[WHAT THE TASK REQUIRES]
Without including any pictures, write out all the records word for word.

--- RAW DATA Enclosed Below ---

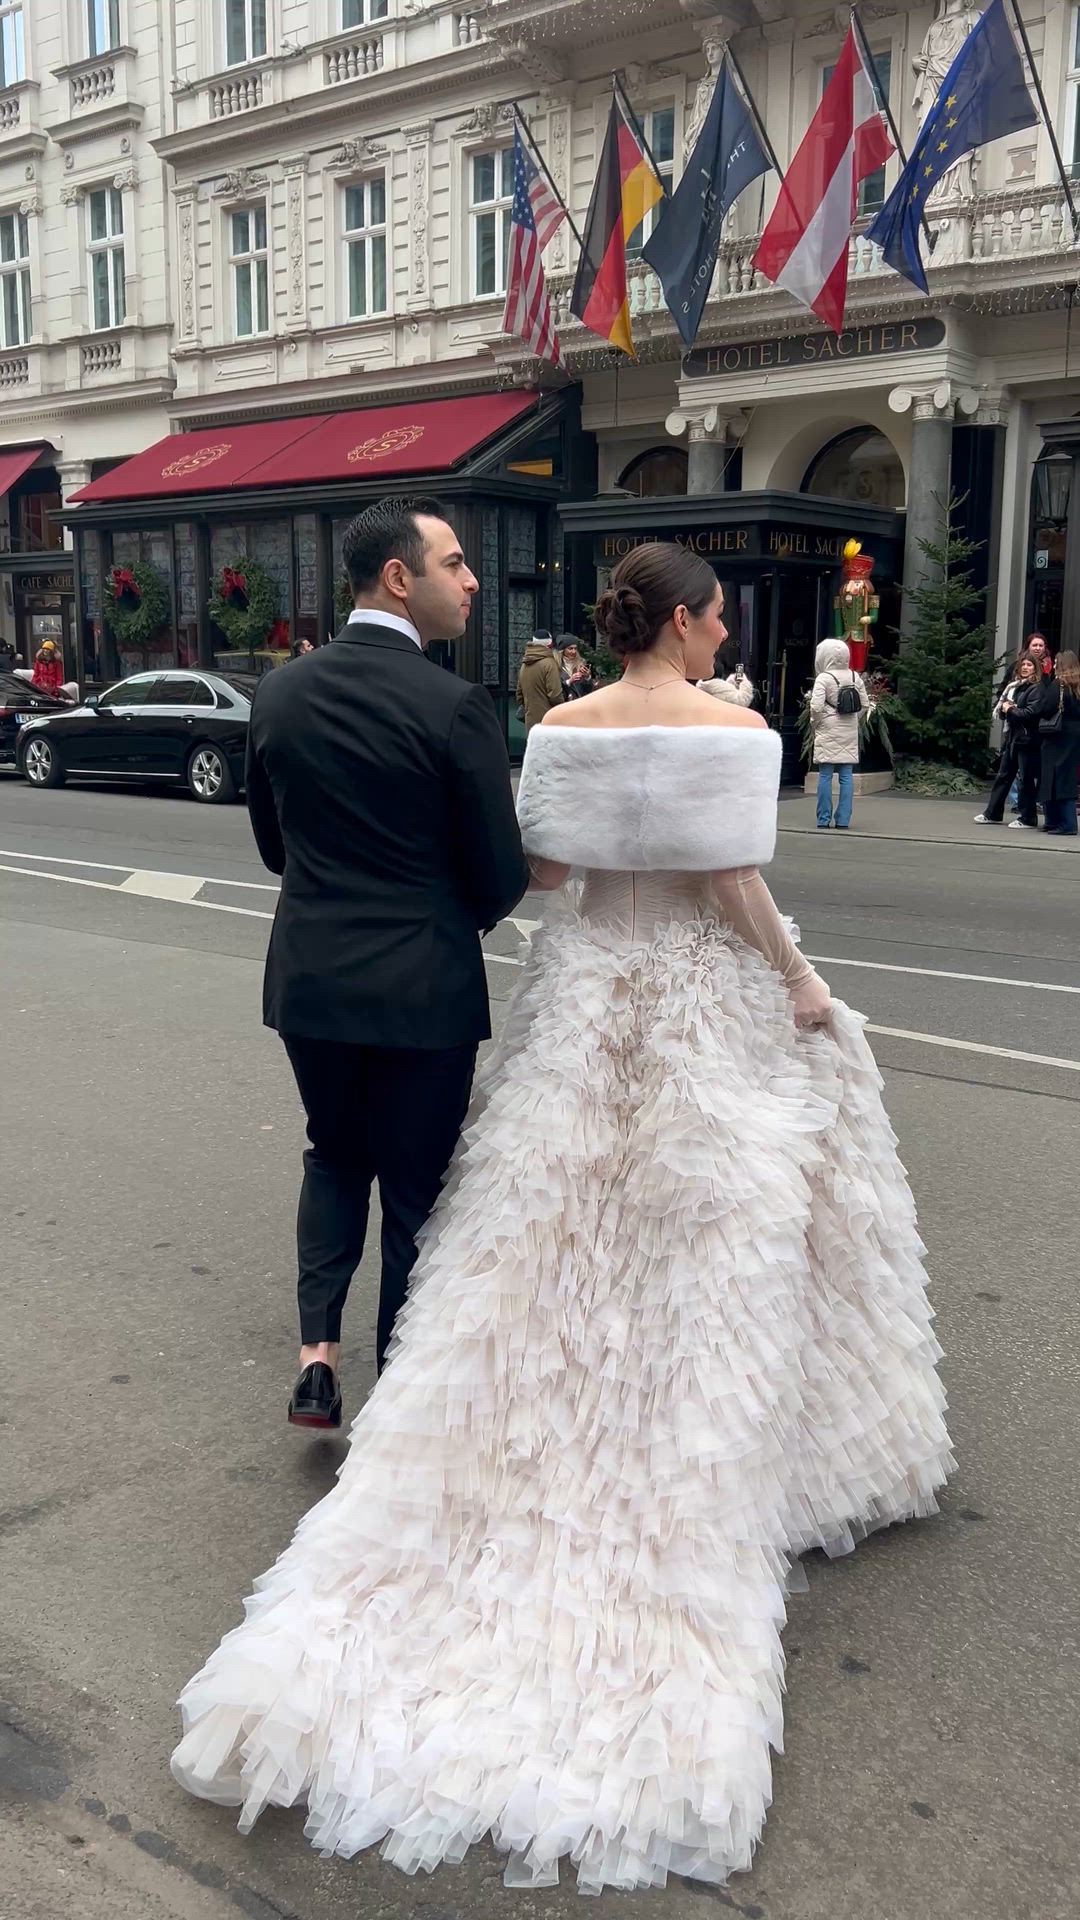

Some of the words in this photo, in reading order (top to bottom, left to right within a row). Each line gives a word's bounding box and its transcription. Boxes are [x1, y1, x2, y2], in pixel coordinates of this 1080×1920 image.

[706, 342, 790, 373] HOTEL
[802, 323, 919, 360] SACHER
[769, 531, 810, 554] HOTEL
[47, 575, 75, 588] SACHE
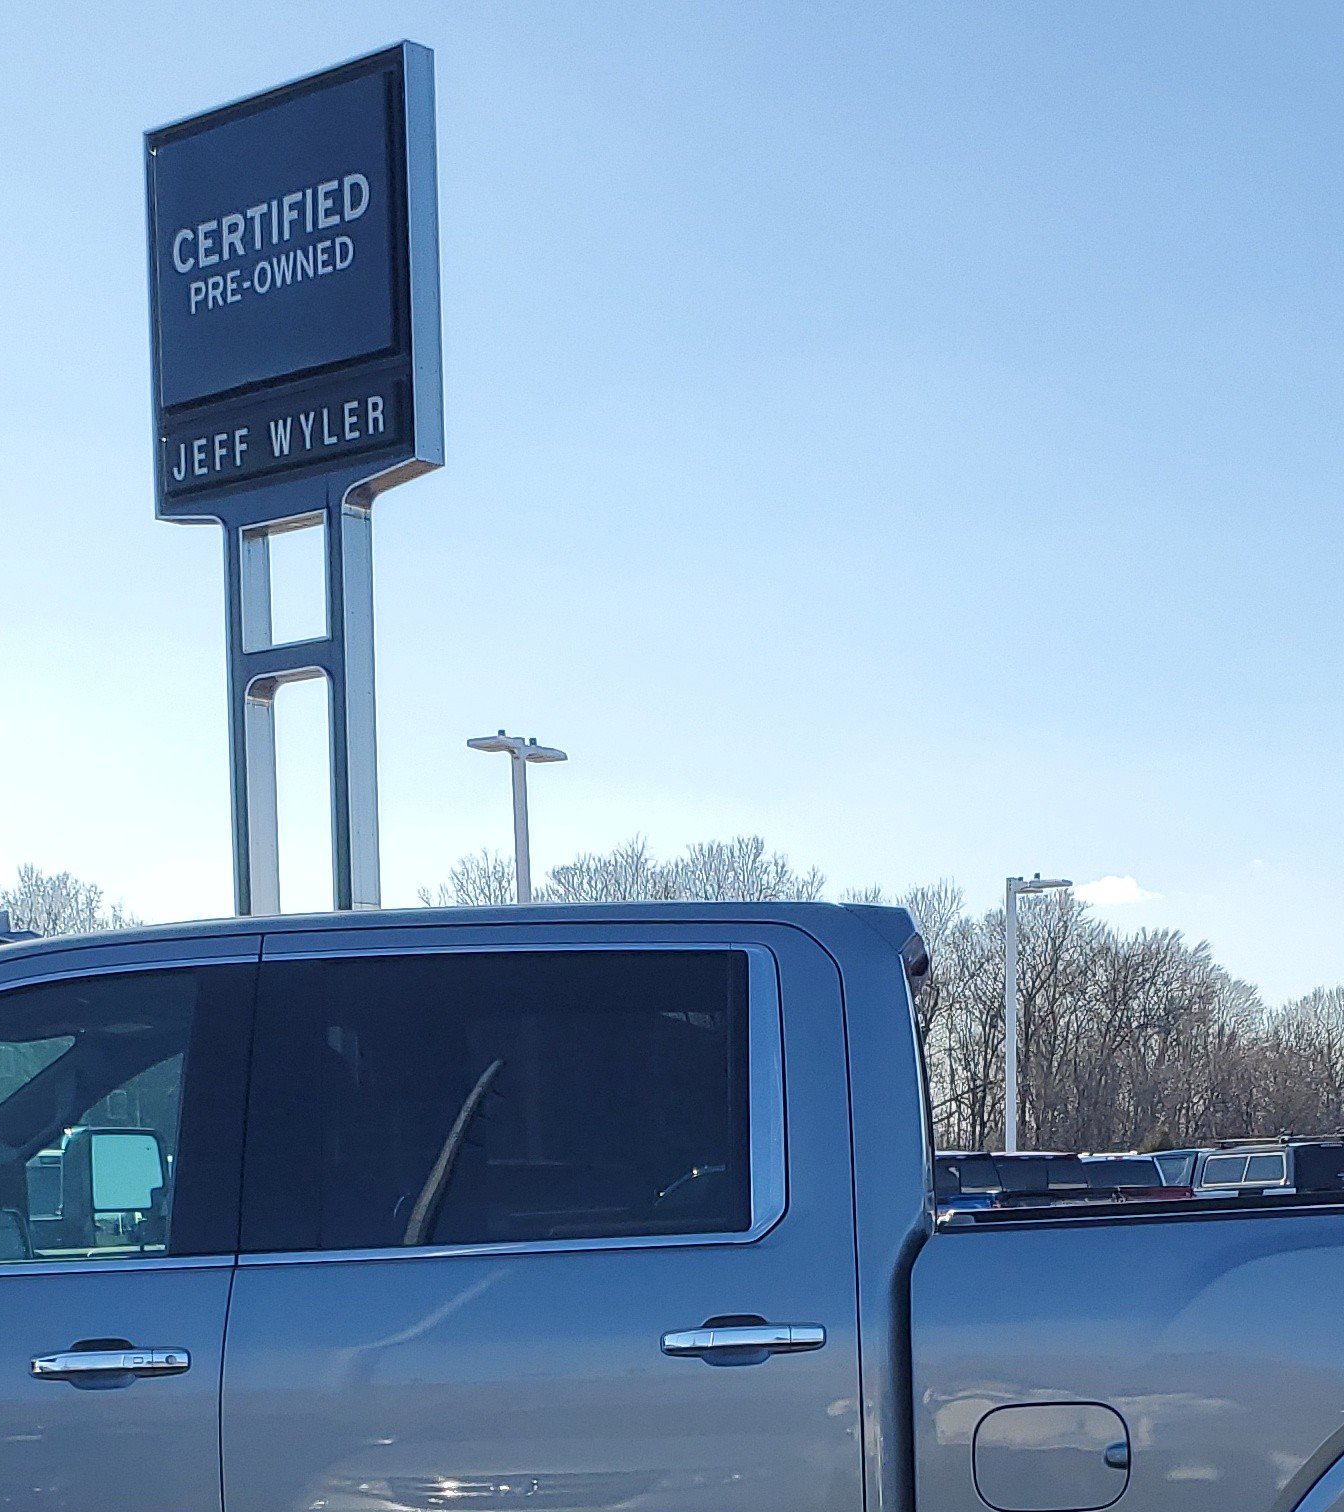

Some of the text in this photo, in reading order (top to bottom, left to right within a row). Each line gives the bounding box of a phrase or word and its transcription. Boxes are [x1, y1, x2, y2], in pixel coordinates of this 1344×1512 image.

[172, 172, 371, 275] CERTIFIED
[189, 235, 355, 315] PRE-OWNED
[172, 395, 386, 482] JEFF WYLER
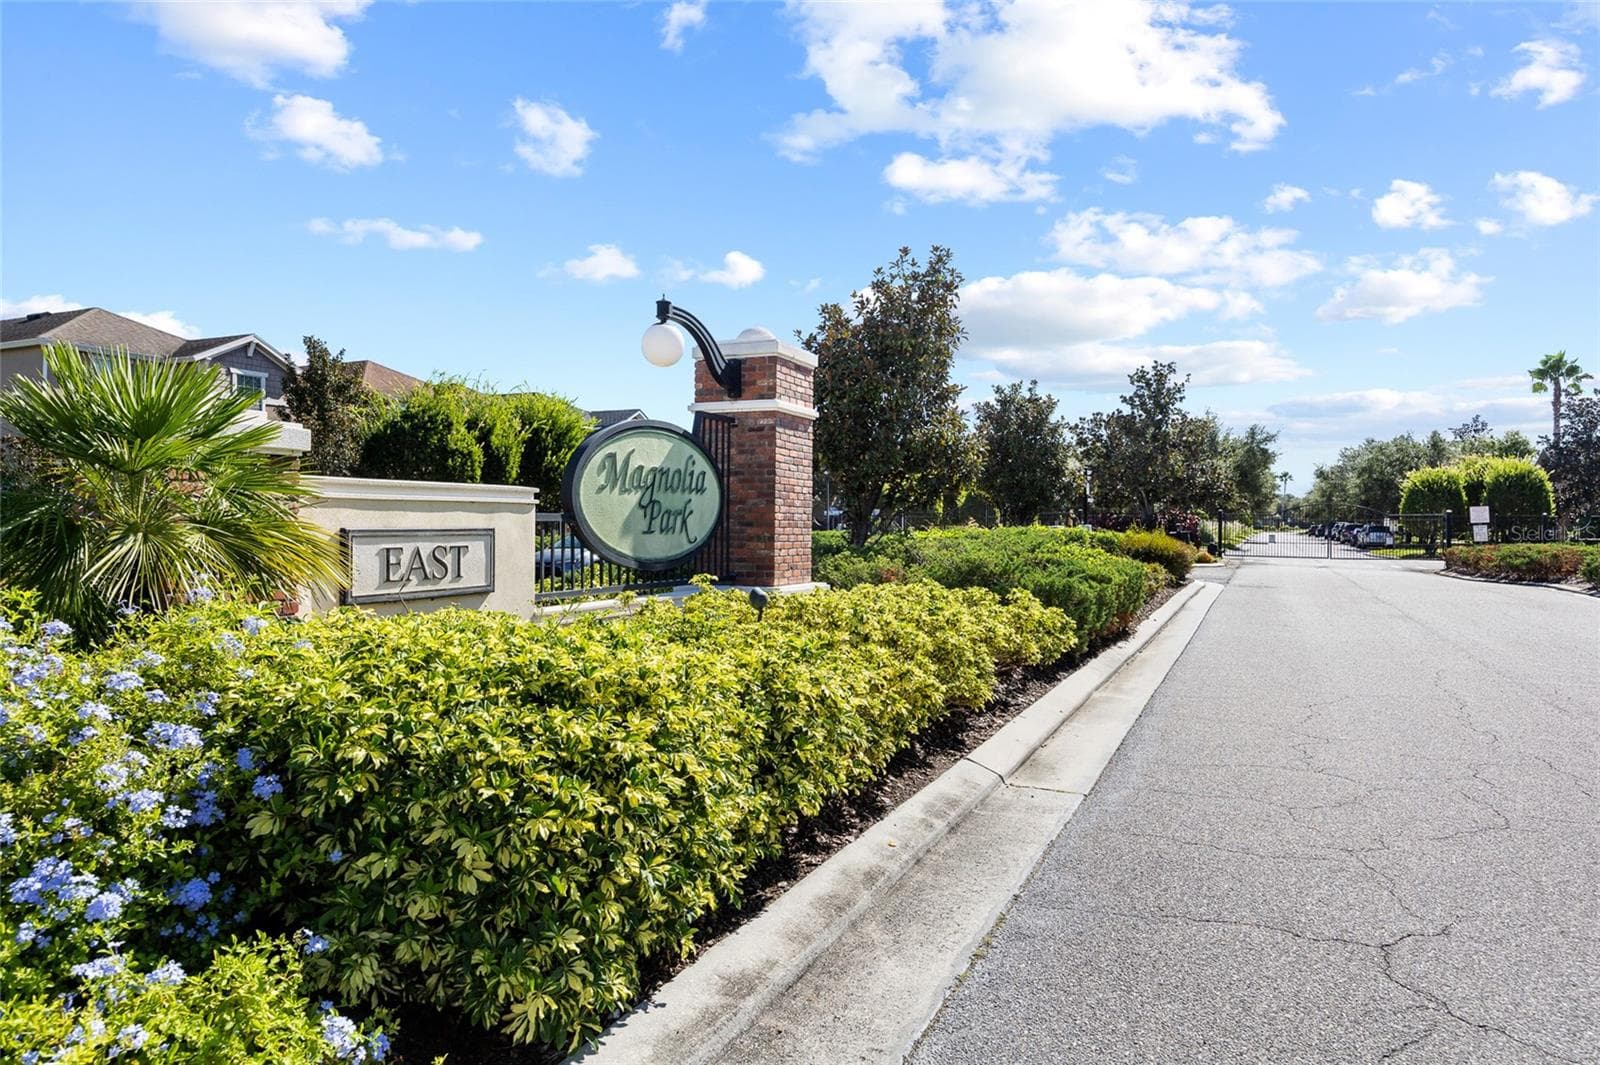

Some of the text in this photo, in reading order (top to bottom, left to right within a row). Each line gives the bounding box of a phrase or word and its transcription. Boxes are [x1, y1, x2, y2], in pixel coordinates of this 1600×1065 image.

[595, 448, 707, 508] Magnolia
[641, 499, 698, 544] Park
[382, 545, 469, 582] EAST
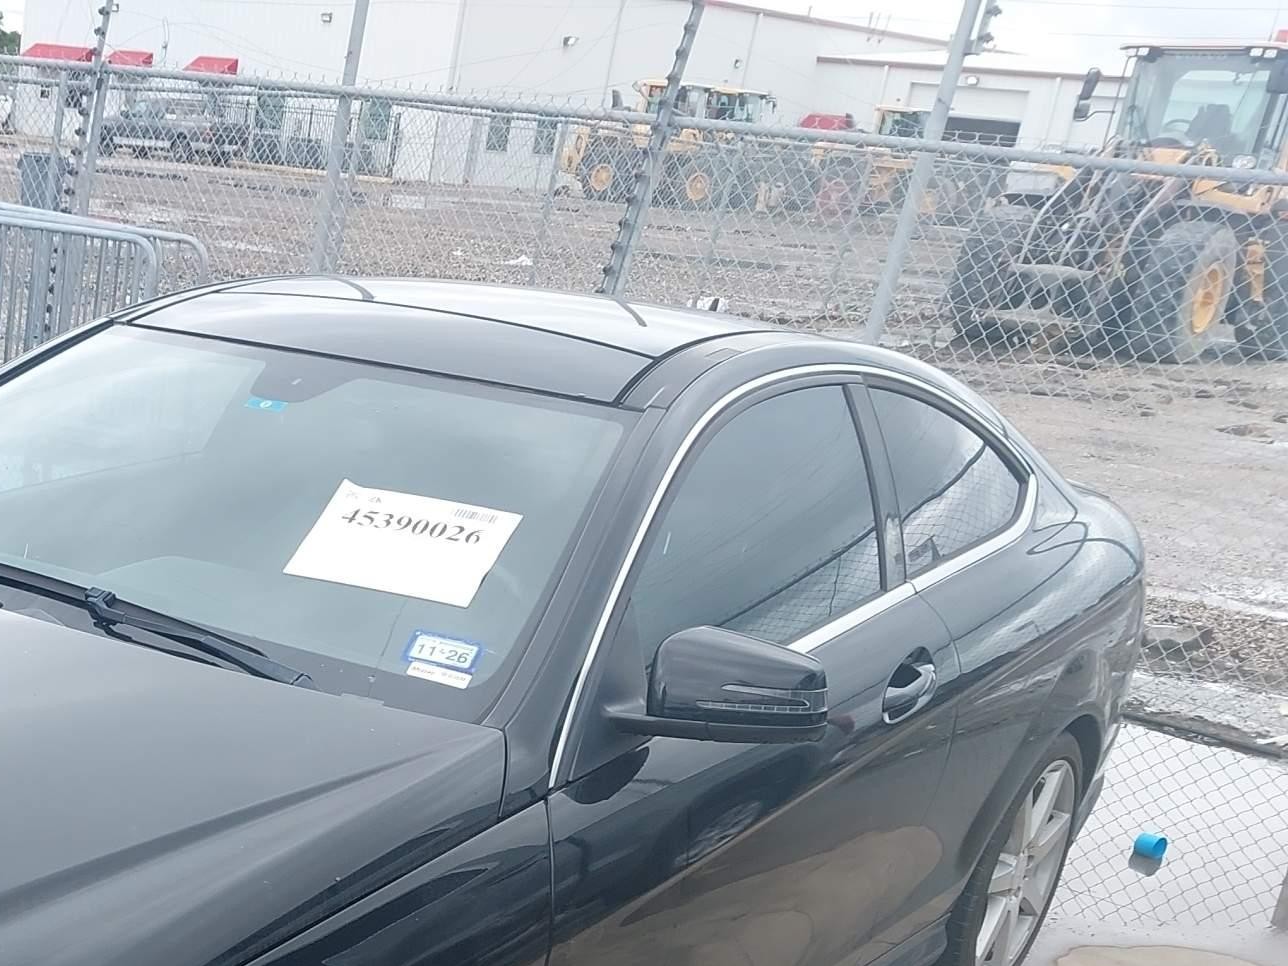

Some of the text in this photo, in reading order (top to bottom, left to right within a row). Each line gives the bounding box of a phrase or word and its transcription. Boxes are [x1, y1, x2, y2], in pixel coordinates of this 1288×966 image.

[341, 508, 485, 545] 45390026
[417, 643, 436, 657] 11
[445, 649, 470, 664] 26
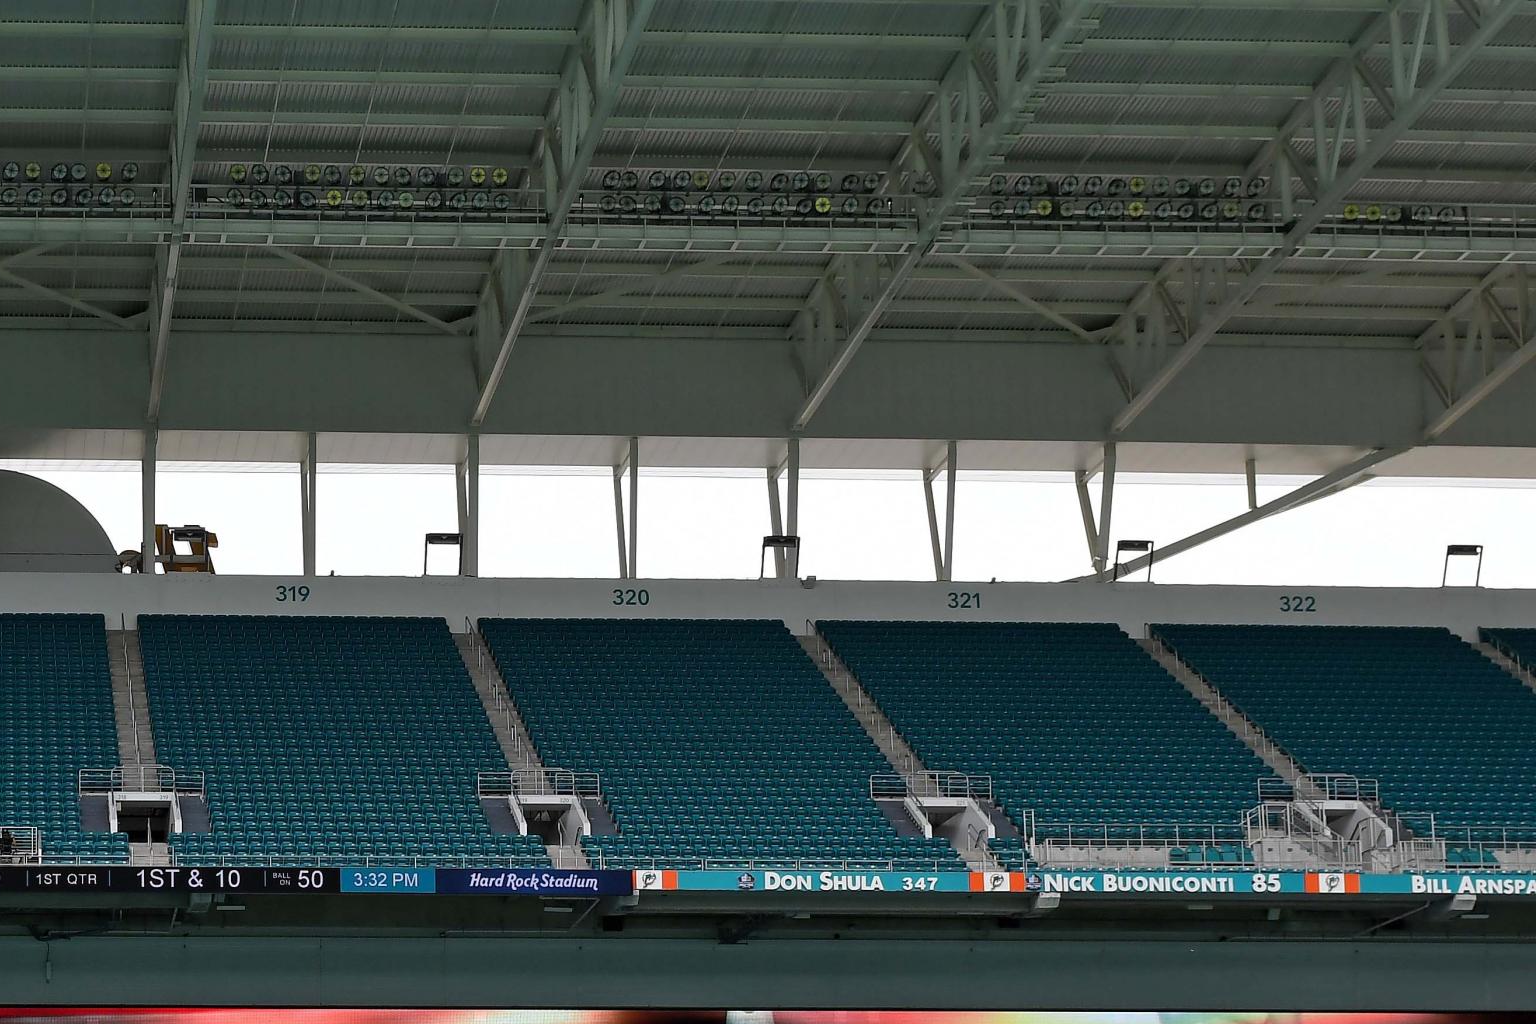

--- End of Enclosed RAW DATA ---

[ANSWER TO THIS EXERCISE]
Some of the words in this photo, in reading order (top to bottom, left to right within a row). Each line gives a word's bounding box and its transcription. Boxes are [x1, y1, x2, y2], in pixel coordinates of this 1080×1920 image.

[706, 342, 790, 373] HOTEL
[802, 323, 919, 360] SACHER
[769, 531, 810, 554] HOTEL
[47, 575, 75, 588] SACHE

Some of the text in this photo, in reading order (top to bottom, left to right within a row). Each line gives the bounding box of a phrase or word and its transcription. Boxes are [x1, y1, x2, y2], in pixel coordinates of this 1344×1512 image.

[172, 172, 371, 275] CERTIFIED
[189, 235, 355, 315] PRE-OWNED
[172, 395, 386, 482] JEFF WYLER

Some of the text in this photo, in reading order (top to bottom, left to right within a row). Each line gives the bounding box of a phrase or word and its transcription. Boxes are [x1, y1, x2, y2], in pixel coordinates of this 1600×1065 image.

[595, 448, 707, 508] Magnolia
[641, 499, 698, 544] Park
[382, 545, 469, 582] EAST

Some of the text in this photo, in reading order (top to bottom, left to right within a row). Each line gives the bounding box of a phrase or word and its transcription. Boxes are [x1, y1, x2, y2], in pixel coordinates of this 1288×966 image.

[341, 508, 485, 545] 45390026
[417, 643, 436, 657] 11
[445, 649, 470, 664] 26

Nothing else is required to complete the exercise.